When most folks are in the depths of REM sleep, one local woman’s eyelids bolt open thinking of the U.S. Postal Service.
Up at 2:45 a.m., Monday-Friday, Tami Hamilton, 57, flies downtown in the dark to Walla Walla’s venerable 1915 U.S. Post Office at 128 N. Second Ave. There she oversees seven clerks with only three hours to organize all the material that a 4 a.m. sealed delivery truck from Spokane passes on.
A whirlwind of fast-moving hands filter letters, publications and parcels for 3,000 postal boxes, 25 carrier routes around the city and 10 rural routes — all by 7 a.m. That’s 35,000-45,000 pieces of mail each day except Sunday.
“It’s an awful lot of work,” Hamilton says with a chipper smile.
Loaded-up, long-life vehicles and their postal carriers head out and tread the city routes — from 6 to 16 miles each — delivering mail through sun, wind, snow or sleet. Other carriers drive 10 rural routes, including one circuit that’s 57 miles long.

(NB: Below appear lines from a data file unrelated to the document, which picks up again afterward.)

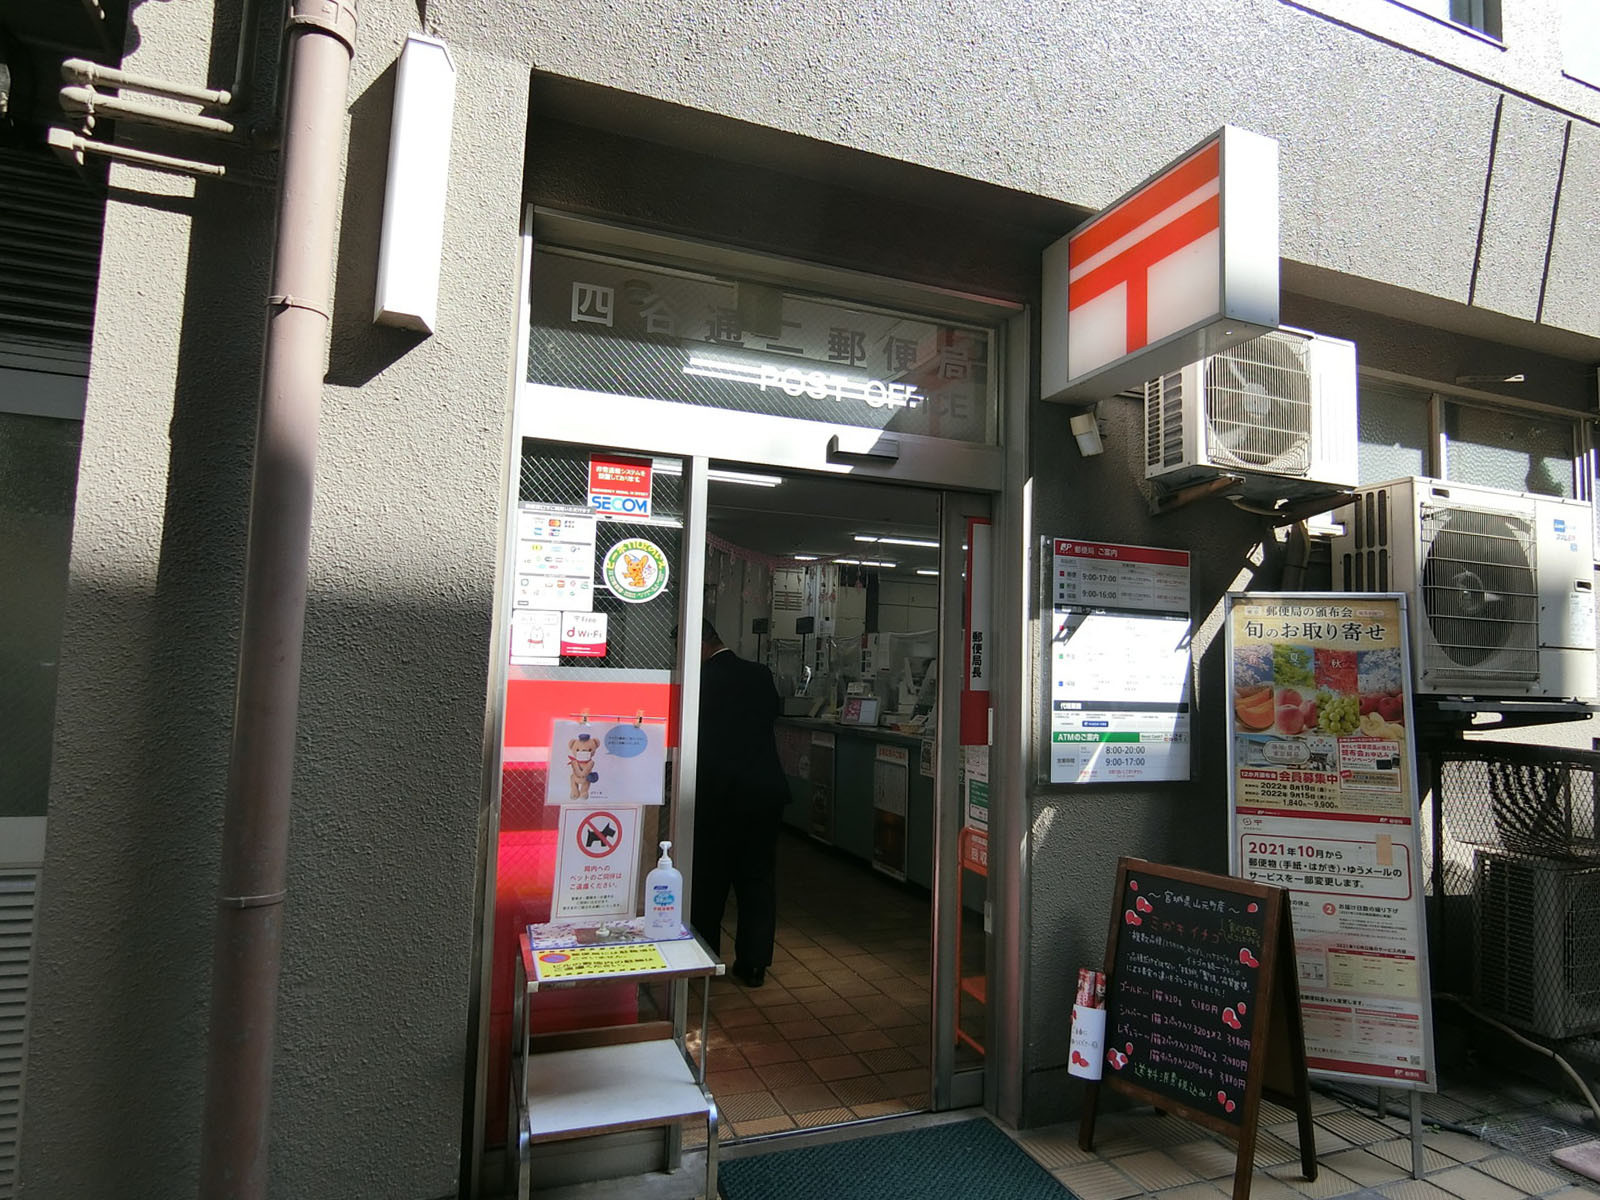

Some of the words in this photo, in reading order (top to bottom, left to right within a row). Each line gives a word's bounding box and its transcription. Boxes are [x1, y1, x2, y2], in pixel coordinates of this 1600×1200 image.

[760, 365, 847, 402] POST
[592, 496, 648, 513] SECOM
[1074, 545, 1095, 555] 郵便局
[1098, 548, 1118, 558] ご案内
[1082, 573, 1117, 582] 9:00-17:00
[1266, 606, 1353, 618] 郵便局の頒布会
[1245, 620, 1386, 642] 旬のお取り寄せ
[971, 631, 983, 678] 郵便局長
[1331, 658, 1343, 669] 秋
[1057, 733, 1100, 742] ATMのご案内
[1105, 746, 1146, 755] 8:00-20:00
[1105, 757, 1146, 766] 9:00-17:00
[1279, 771, 1338, 785] 会員募集中
[1248, 842, 1343, 859] 2021年10月から
[1248, 871, 1365, 889] サービスを一部変更します。
[1338, 903, 1399, 914] お届け日数の繰り下げ

And there’s a new twist, Hamilton notes. Amazon’s contracted with USPS for seven-day-a-week deliveries, and since locals are staying at home more than usual due to COVID-19, the Amazon parcels have “tripled.”

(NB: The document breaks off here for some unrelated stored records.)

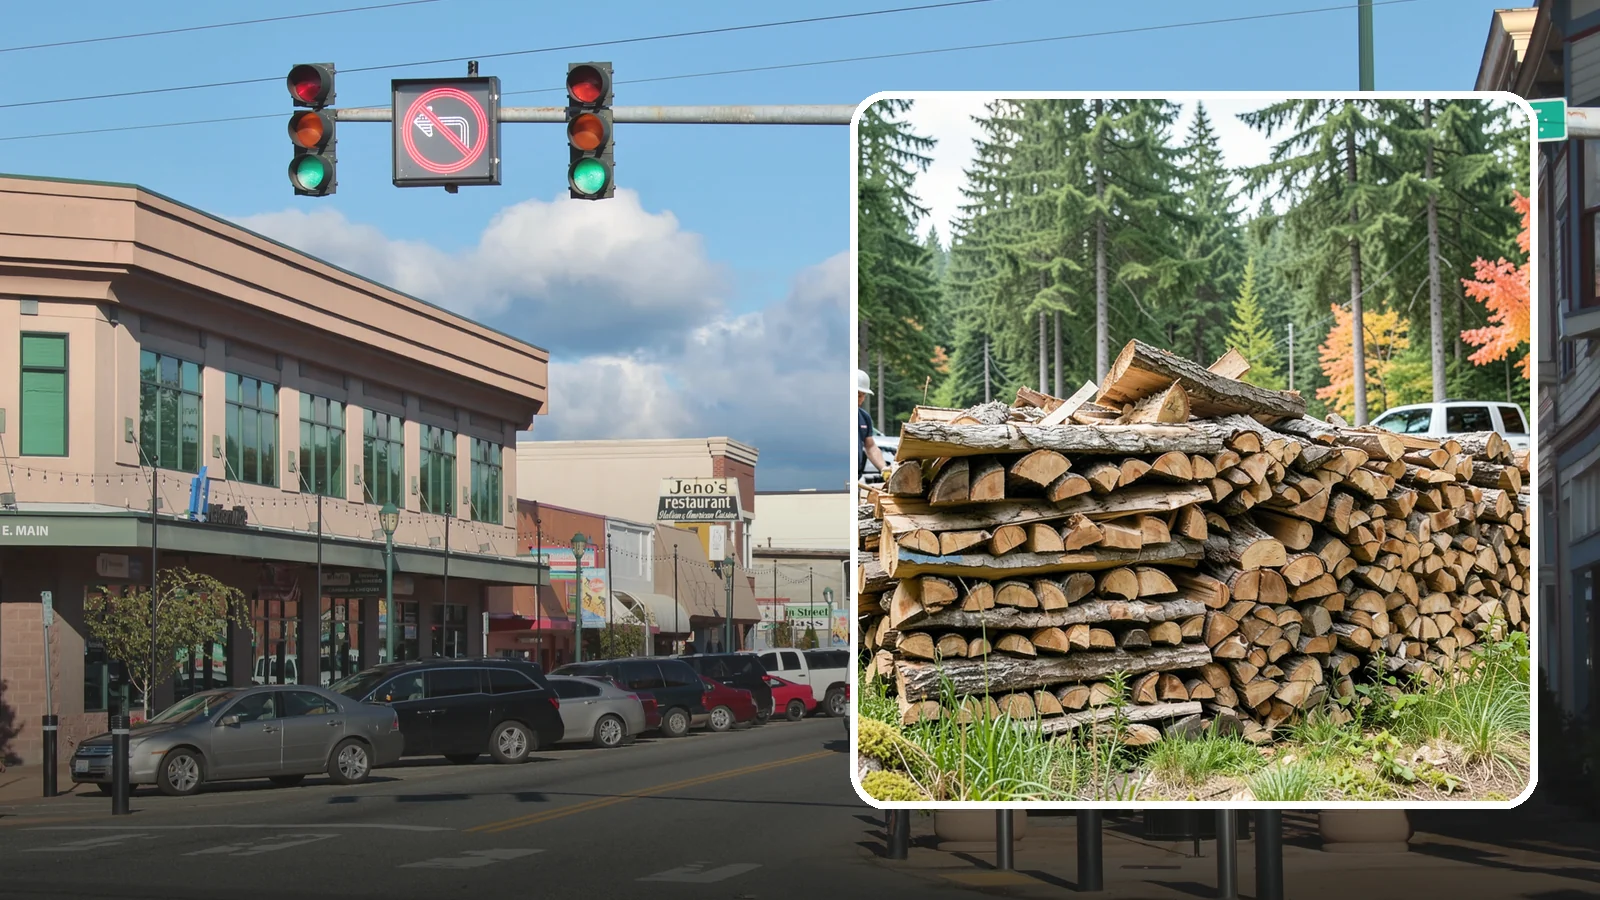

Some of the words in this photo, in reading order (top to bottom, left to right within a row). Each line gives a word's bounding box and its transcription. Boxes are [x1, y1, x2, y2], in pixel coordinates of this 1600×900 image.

[669, 479, 728, 495] Jeno's
[665, 496, 731, 509] restaurant
[658, 510, 682, 520] Italian
[686, 509, 715, 519] American
[715, 509, 738, 520] Cuisine
[2, 525, 13, 536] E.
[15, 525, 49, 536] MAIN
[797, 607, 829, 617] Street
[791, 619, 823, 627] lass

High-energy by nature, a quality she says she inherited from her mother, Hamilton has four years in Walla Walla as supervisor of customer relations, which includes opening the operation daily. All told, she has been with USPS seven years, starting with a two-person post office in Dickenson, N.D.
She was born and reared in McMinnville, Ore., where she started working for a paycheck at age 17. Tami’s had her own deli business, moved out to the North Dakota oil fields, and from 2016 to 2019, for her new supervisory job here, she and her husband endured a long-distance relationship. Now at home together in Walla Walla, the couple still has no social life, she says, with a rueful smile. But her 6 p.m. bedtime is hard to negotiate with, given that her alarm clock calls when the stars are still out.
Lifestyles: How many people do you work here at the main post office? And do tell about those sporty uniforms:
Tami Hamilton: We cover both Walla Walla and College Place, this is a pretty big office. In total, we have 67 staff people, plus three supervisors and the postmaster. Everyone is vetted for integrity, trained at the district office for three to five days. We all take a serious oath. This staff is tried and true. There’s an extremely strong union, but we follow a military standard here. We keep military time and give orders if necessary. The staff gets to pick out their own uniforms from options we provide, such as a polo shirt or a button-down shirt, hats. Supervisors wear business casual, but everyone has to — has to —wear leather shoes at work.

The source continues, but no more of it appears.